Creating a large number of files:
mkdir -p /tmp/batch_test
# Direct expansion fails:
# touch /tmp/batch_test/{1..500000} -> Argument list too long
# Using echo and xargs:
echo /tmp/batch_test/{1..500000} | xargs touch
ls /tmp/batch_test/ | wc -l
# 500000
Deleting a large number of files:
# Direct deletion fails:
# rm /tmp/batch_test/* -> Argument list too long
# Using find and xargs:
find /tmp/batch_test/ -type f | xargs rm -f
Alternatively, if the directory itself can be removed, simply deleting the directory is faster, provided permissions and ownership are noted for recreation.

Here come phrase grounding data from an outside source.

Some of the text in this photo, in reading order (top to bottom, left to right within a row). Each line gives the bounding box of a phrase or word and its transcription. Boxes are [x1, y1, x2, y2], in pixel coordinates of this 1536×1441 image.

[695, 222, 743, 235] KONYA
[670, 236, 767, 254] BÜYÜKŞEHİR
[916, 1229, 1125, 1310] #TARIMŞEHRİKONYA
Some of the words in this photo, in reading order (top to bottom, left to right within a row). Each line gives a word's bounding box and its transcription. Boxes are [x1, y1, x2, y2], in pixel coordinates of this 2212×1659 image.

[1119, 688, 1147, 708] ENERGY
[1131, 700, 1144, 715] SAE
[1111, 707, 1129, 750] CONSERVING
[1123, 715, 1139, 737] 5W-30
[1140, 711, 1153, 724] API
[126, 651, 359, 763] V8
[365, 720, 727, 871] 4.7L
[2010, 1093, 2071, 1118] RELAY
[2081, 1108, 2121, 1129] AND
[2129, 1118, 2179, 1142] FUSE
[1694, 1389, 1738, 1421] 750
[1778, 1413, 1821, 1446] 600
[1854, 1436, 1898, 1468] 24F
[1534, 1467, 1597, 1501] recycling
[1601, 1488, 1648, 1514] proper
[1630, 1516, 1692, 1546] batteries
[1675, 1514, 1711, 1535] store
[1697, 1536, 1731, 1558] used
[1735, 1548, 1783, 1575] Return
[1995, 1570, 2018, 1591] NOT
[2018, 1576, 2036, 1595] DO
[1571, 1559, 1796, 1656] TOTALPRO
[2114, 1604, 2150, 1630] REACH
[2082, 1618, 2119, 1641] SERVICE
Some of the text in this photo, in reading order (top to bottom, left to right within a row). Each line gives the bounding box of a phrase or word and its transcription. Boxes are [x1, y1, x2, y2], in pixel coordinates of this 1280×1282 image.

Inode Exhaustion Scenarios
Creating many small files consumes inodes rapidly. A directory containing many files consumes metadata blocks itself.
mkdir small_files
touch small_files/file_{1..50000}
du -sh small_files/
# drwxr-xr-x 2 root root 1.2M ...
ls small_files/ | wc -l
# 50000
If the system reports "No space left on device" but df -h shows free space, check inode usage with df -i.
Managing Swap Space
When memory-intensive applications like Java run out of RAM, the system relies on swap. Adding swap space can prevent crashes.
Adding Swap Temporarily
1. Create a swap file:
dd if=/dev/zero of=/swapfile bs=1M count=512
2. Format as swap:
mkswap /swapfile
3. Secure permissions and activate:
chmod 600 /swapfile
swapon /swapfile
Making Swap Permanent
To persist swap acrosss reboots, add an entry to /etc/fstab:
/swapfile none swap sw 0 0
Alternatively, for certain environments, adding the swapon command to /etc/rc.local can be used, though /etc/fstab is the standard method.